What this task involves: The response should be an exact copy of the records, with the pictures removed.

Input data:
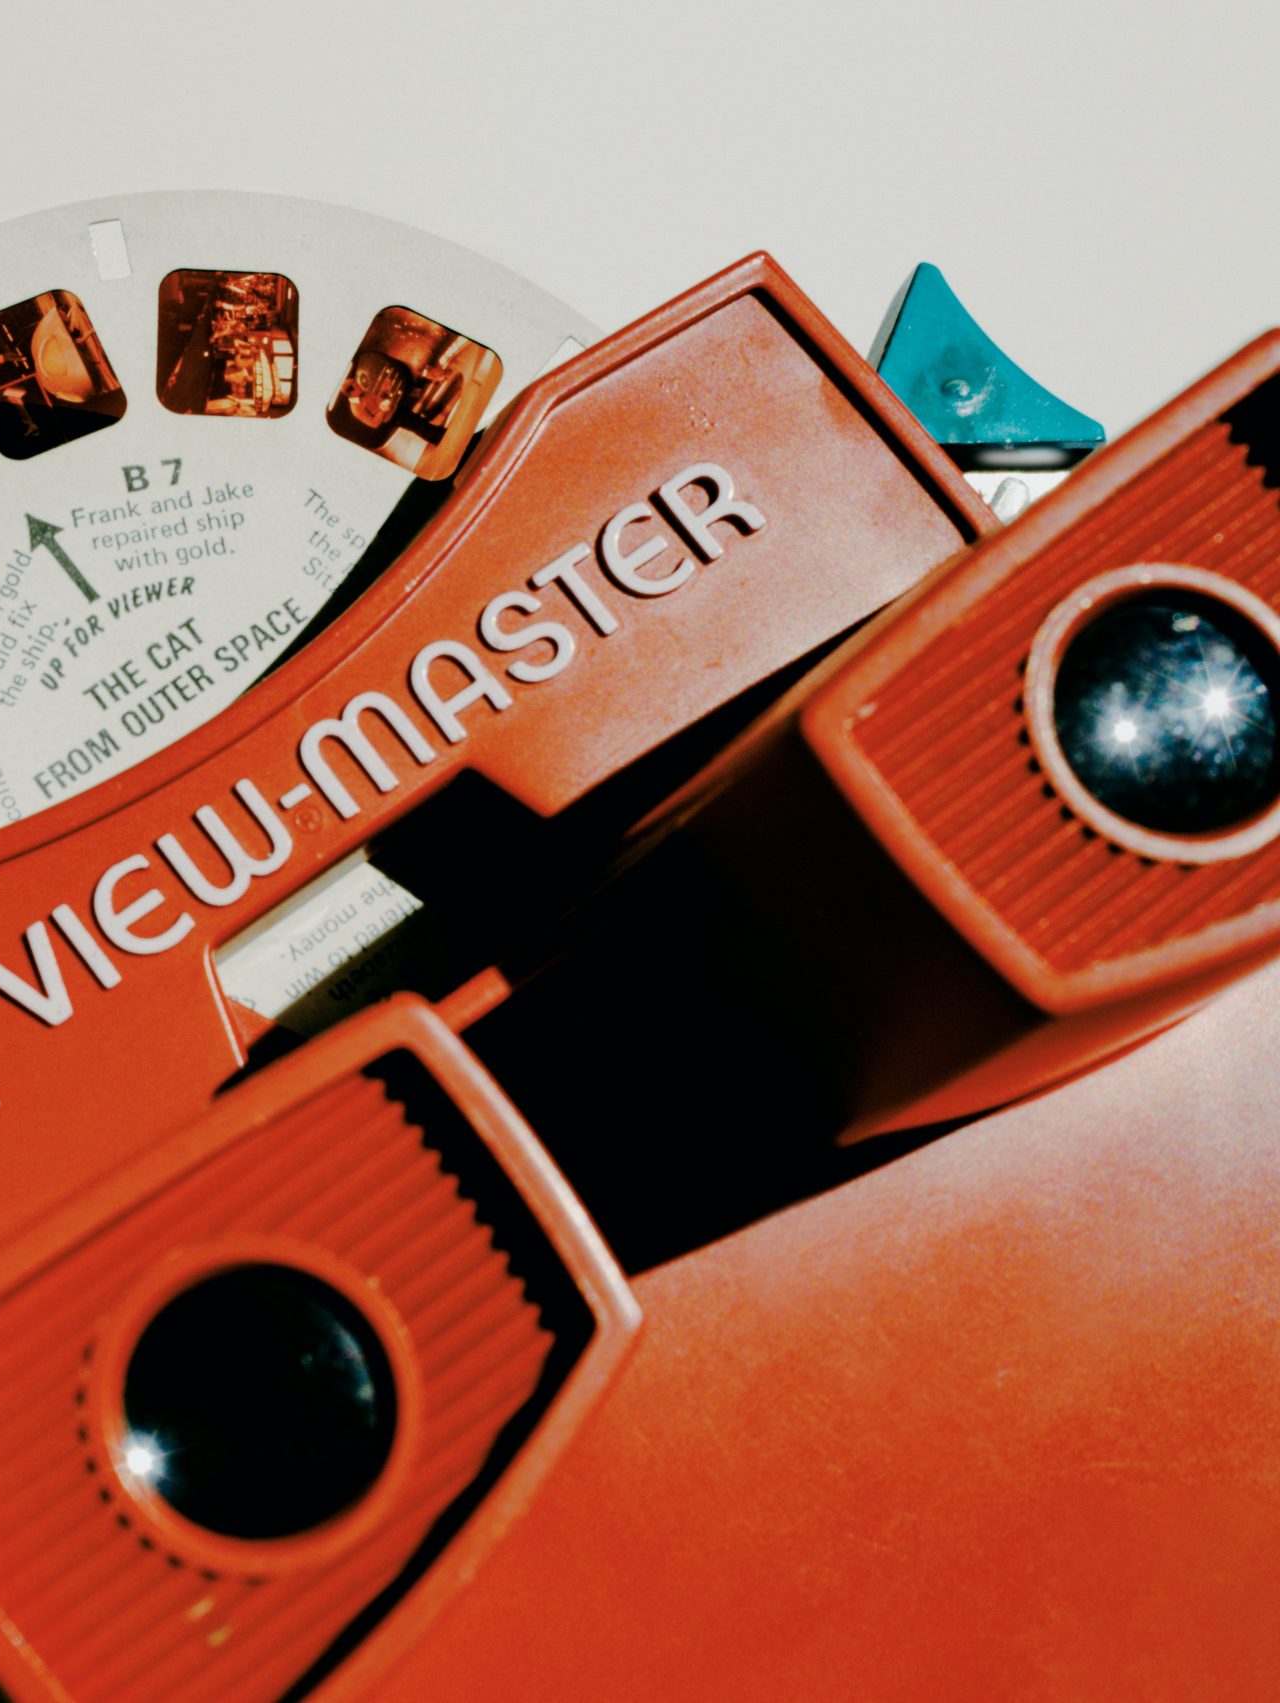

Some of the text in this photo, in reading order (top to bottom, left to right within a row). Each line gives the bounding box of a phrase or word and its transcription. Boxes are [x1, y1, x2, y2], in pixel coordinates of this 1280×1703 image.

[121, 457, 183, 493] B 7
[71, 483, 255, 528] Frank and Jake
[303, 487, 367, 550] The sp
[91, 509, 245, 550] repaired ship
[308, 529, 342, 561] the
[0, 549, 32, 600] gold
[114, 536, 236, 572] with gold.
[7, 600, 38, 629] fix
[40, 576, 196, 691] UP FOR VIEWER
[21, 621, 59, 670] ship.
[82, 617, 204, 711] THE CAT
[32, 597, 309, 800] FROM OUTER SPACE
[280, 902, 358, 962] money.
[285, 964, 327, 1000] win
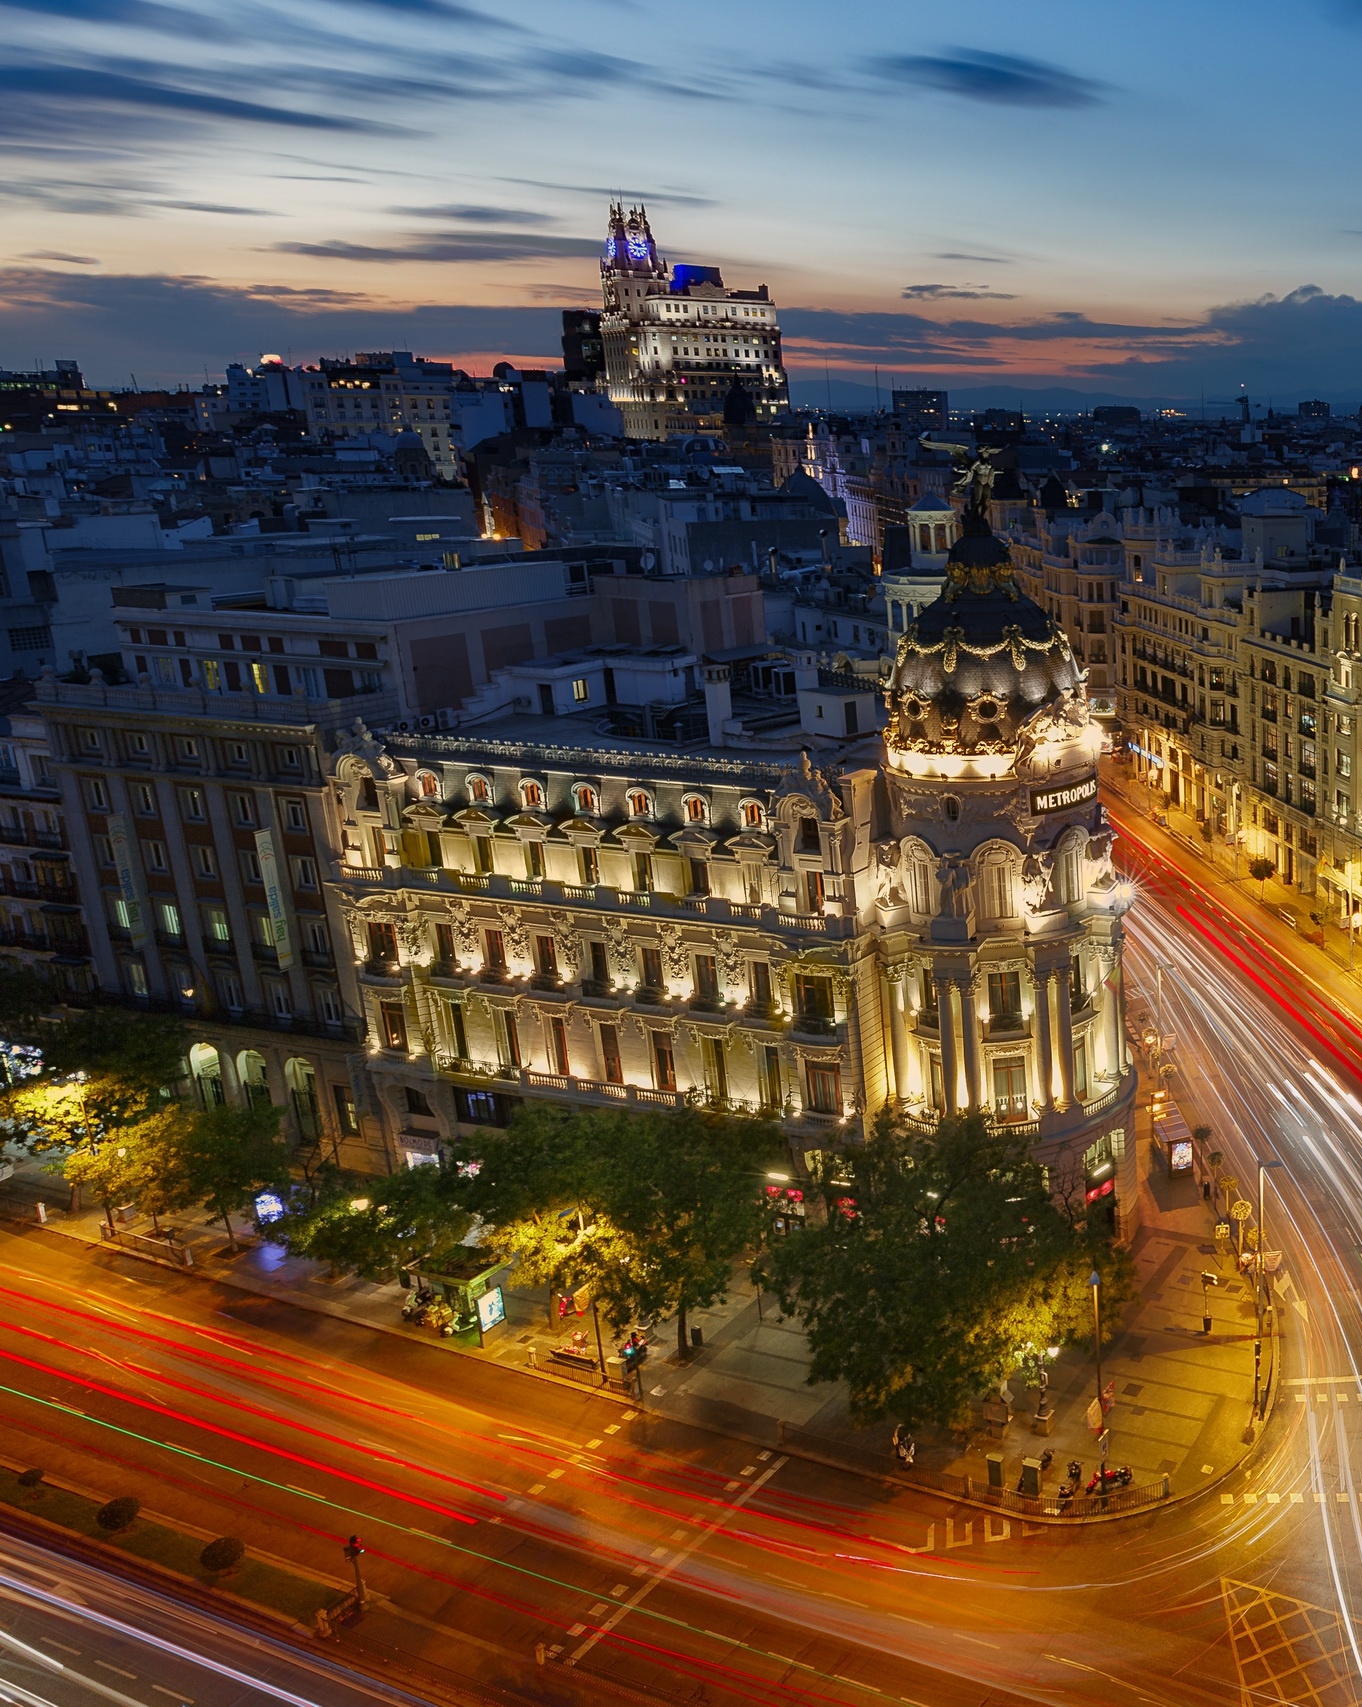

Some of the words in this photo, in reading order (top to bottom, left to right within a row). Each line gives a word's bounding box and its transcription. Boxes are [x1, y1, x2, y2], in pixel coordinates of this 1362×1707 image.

[1036, 779, 1096, 810] METROPOLIS
[120, 868, 135, 900] salida
[267, 885, 281, 919] salida
[274, 919, 287, 943] hay

Exercise solution:
Some of the text in this photo, in reading order (top to bottom, left to right within a row). Each line gives the bounding box of a phrase or word and its transcription. Boxes are [x1, y1, x2, y2], in pixel coordinates of this 1280×1703 image.

[121, 457, 183, 493] B 7
[71, 483, 255, 528] Frank and Jake
[303, 487, 367, 550] The sp
[91, 509, 245, 550] repaired ship
[308, 529, 342, 561] the
[0, 549, 32, 600] gold
[114, 536, 236, 572] with gold.
[7, 600, 38, 629] fix
[40, 576, 196, 691] UP FOR VIEWER
[21, 621, 59, 670] ship.
[82, 617, 204, 711] THE CAT
[32, 597, 309, 800] FROM OUTER SPACE
[280, 902, 358, 962] money.
[285, 964, 327, 1000] win

Some of the words in this photo, in reading order (top to bottom, left to right within a row). Each line gives a word's bounding box and its transcription. Boxes are [x1, y1, x2, y2], in pixel coordinates of this 1362×1707 image.

[1036, 779, 1096, 810] METROPOLIS
[120, 868, 135, 900] salida
[267, 885, 281, 919] salida
[274, 919, 287, 943] hay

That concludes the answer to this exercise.